Muskoday woman reunited with lost engagement ring

Dec 16, 2020 | 5:00 PM

Two complete strangers were united by what they call a Christmas miracle.

The story begins Sunday morning when Steven Zoerb was about to enter the South Hill Mall. After realizing he forgot his mask, Zoerb turned back to his car to retrieve it.

“When I went to open the door of my car, out of the corner of my eye I caught this sort of sparkle,” he explained.

When Zoerb knelt down to take a closer look, he discovered a small diamond ring lying in the snow near his vehicle’s tire.

“When I picked it up I was kind of in awe, just trying to grasp what I had just found,” he said.

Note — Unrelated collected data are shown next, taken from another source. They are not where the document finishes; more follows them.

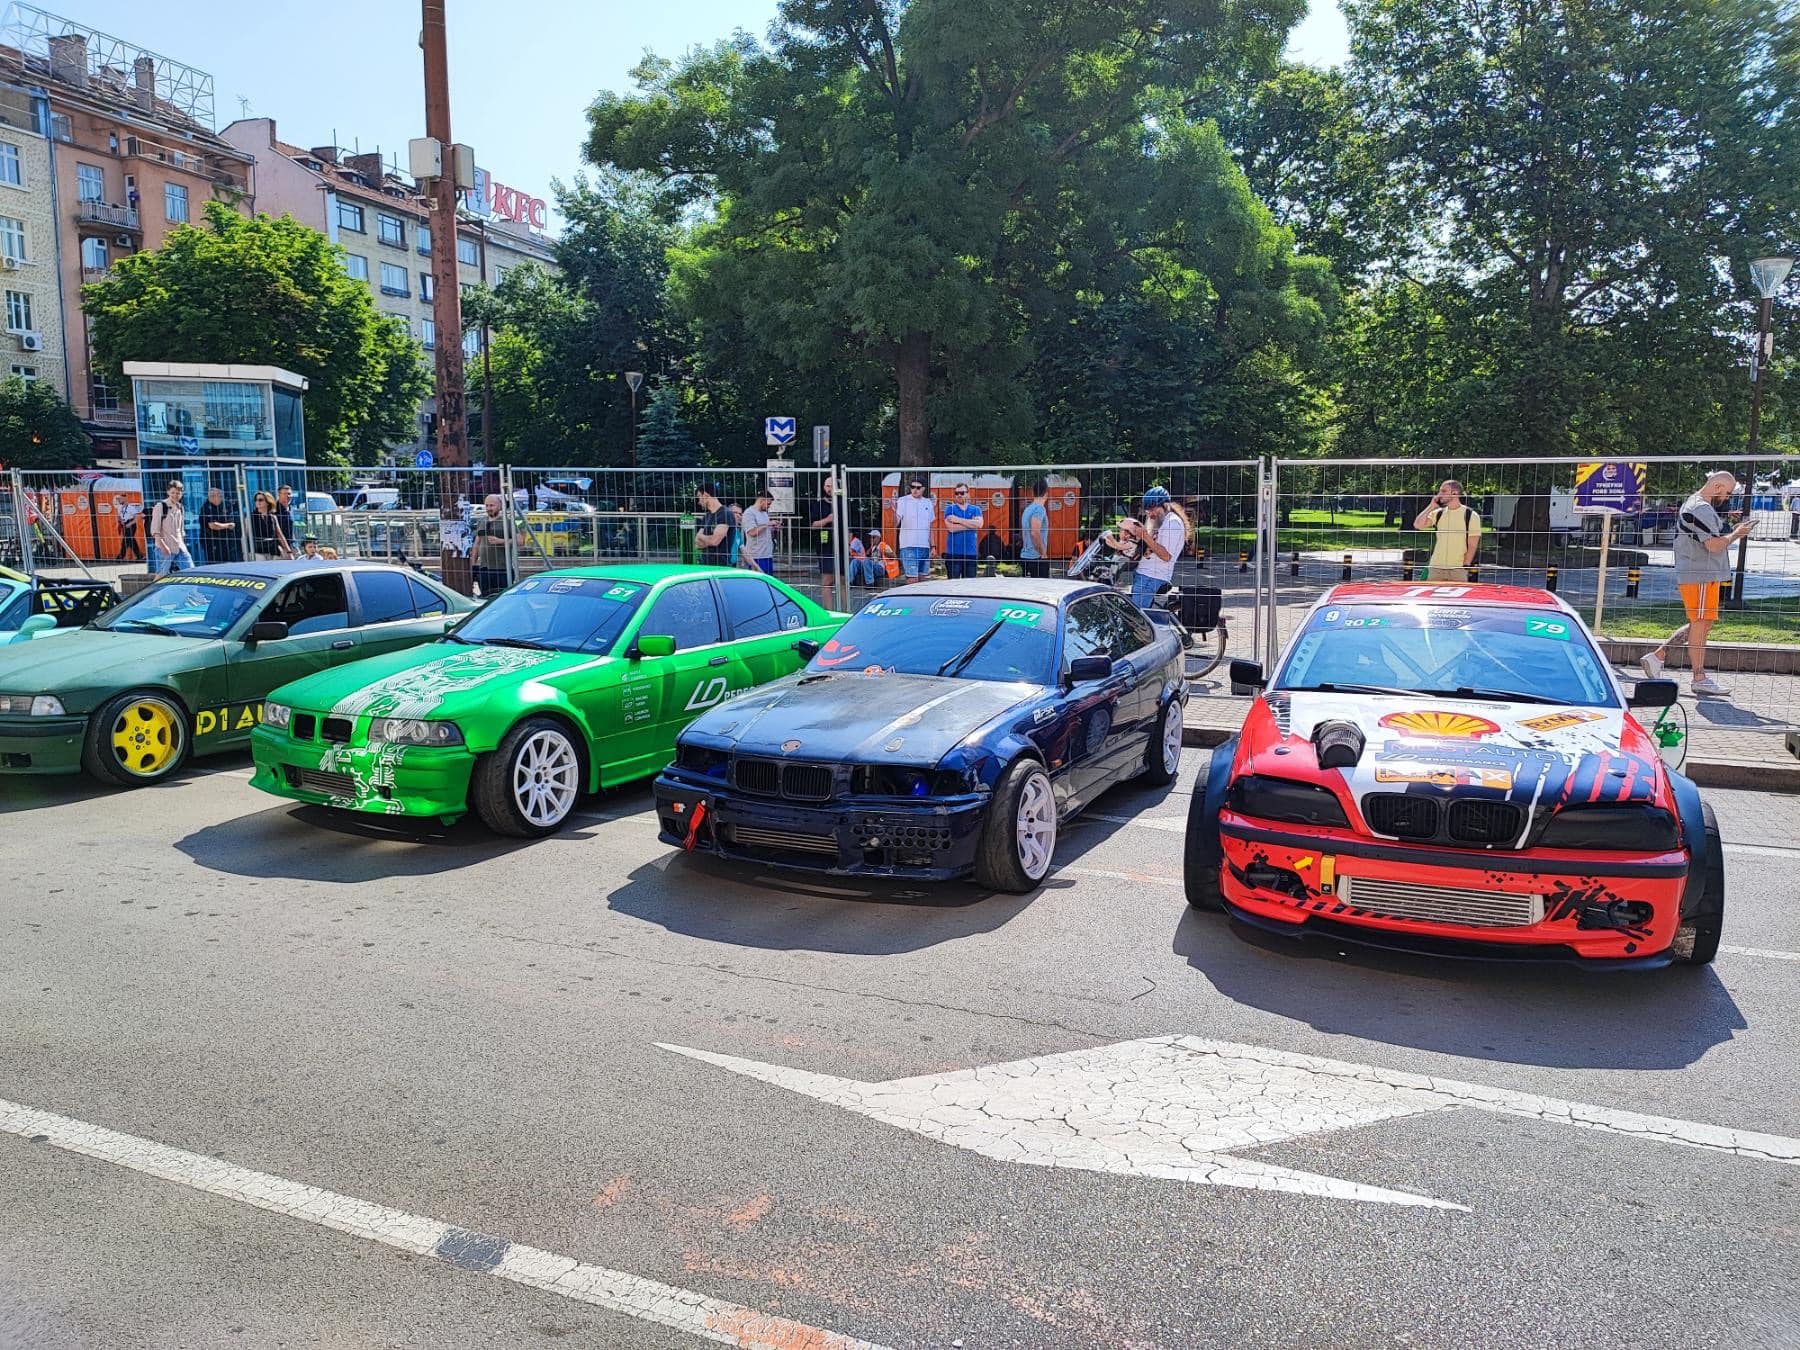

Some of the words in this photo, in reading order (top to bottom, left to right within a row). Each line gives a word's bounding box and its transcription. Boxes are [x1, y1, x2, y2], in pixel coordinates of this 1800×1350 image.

[493, 182, 545, 229] KFC
[607, 587, 636, 597] 61
[1401, 586, 1473, 597] 79
[1001, 608, 1041, 621] 101
[1325, 610, 1340, 622] 9
[1368, 618, 1381, 626] 2
[1530, 620, 1566, 634] 79
[684, 677, 727, 711] LD
[196, 707, 228, 736] D1
[1418, 757, 1507, 767] PERFORMANCE

Zoerb took the ring home and made the decision to post what he found on Facebook, hoping the rightful owner might see it. Zoerb’s intuition proved right and later that day, he received a message from a woman who claimed to be the owner, and had the papers and pictures to prove it. Hours later it was confirmed Zoerb had in fact found the woman’s lost engagement ring.

“Someone asked me ‘Well did you get a reward for giving it back to her?’ and I was like ‘The reward was seeing the smile on her face and the tears in her eyes,'” he said.

The grateful owner

Alison Cameron and her husband were engaged on Christmas Day 2013 and were married the following year. She recalled for paNOW a time six months ago when she lost track of her ring and then four months later, after searching her house from top to bottom, realized it was lost.

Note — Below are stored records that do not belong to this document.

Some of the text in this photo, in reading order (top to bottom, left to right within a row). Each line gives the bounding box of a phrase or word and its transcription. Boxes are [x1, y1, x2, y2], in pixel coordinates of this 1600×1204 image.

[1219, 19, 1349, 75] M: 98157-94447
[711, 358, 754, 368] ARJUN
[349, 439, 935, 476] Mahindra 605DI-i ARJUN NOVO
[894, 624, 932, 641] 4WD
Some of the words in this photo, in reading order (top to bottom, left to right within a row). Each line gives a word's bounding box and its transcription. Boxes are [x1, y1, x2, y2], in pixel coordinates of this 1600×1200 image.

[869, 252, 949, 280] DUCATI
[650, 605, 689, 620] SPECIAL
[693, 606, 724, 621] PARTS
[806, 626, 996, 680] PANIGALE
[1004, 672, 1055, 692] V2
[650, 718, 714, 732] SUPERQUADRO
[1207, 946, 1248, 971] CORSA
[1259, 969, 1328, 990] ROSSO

“It caused me so much anxiety and stress,” she explained, adding it also came at a time she was feeling concerns related to the pandemic.

Fast forward to last Sunday, and Cameron was scrolling Facebook, when she noticed a post shared by a friend. The post was Zoerb’s.

“I said ‘Oh my God, that’s my ring,” she said. “I thought how and why did this person find this ring.”

About an hour later Cameron and her husband drove to the city from Muskoday to see the ring, and sure enough, Cameron’s suspicions were confirmed the moment she saw the ring up close and slid it back onto her finger.

“Tears were just rolling down my cheeks,” she recalled.

Cameron, who is pursuing her social work degree at the First Nations University campus in Prince Albert, told paNOW she has no idea how her ring came to end up in the mall’s parking lot but acknowledged she does make trips all over the city.

“I think in light of this pandemic, it really shows the true nature of humanity. I’m so grateful for Steven,” she said. “It really gives people something to believe in.”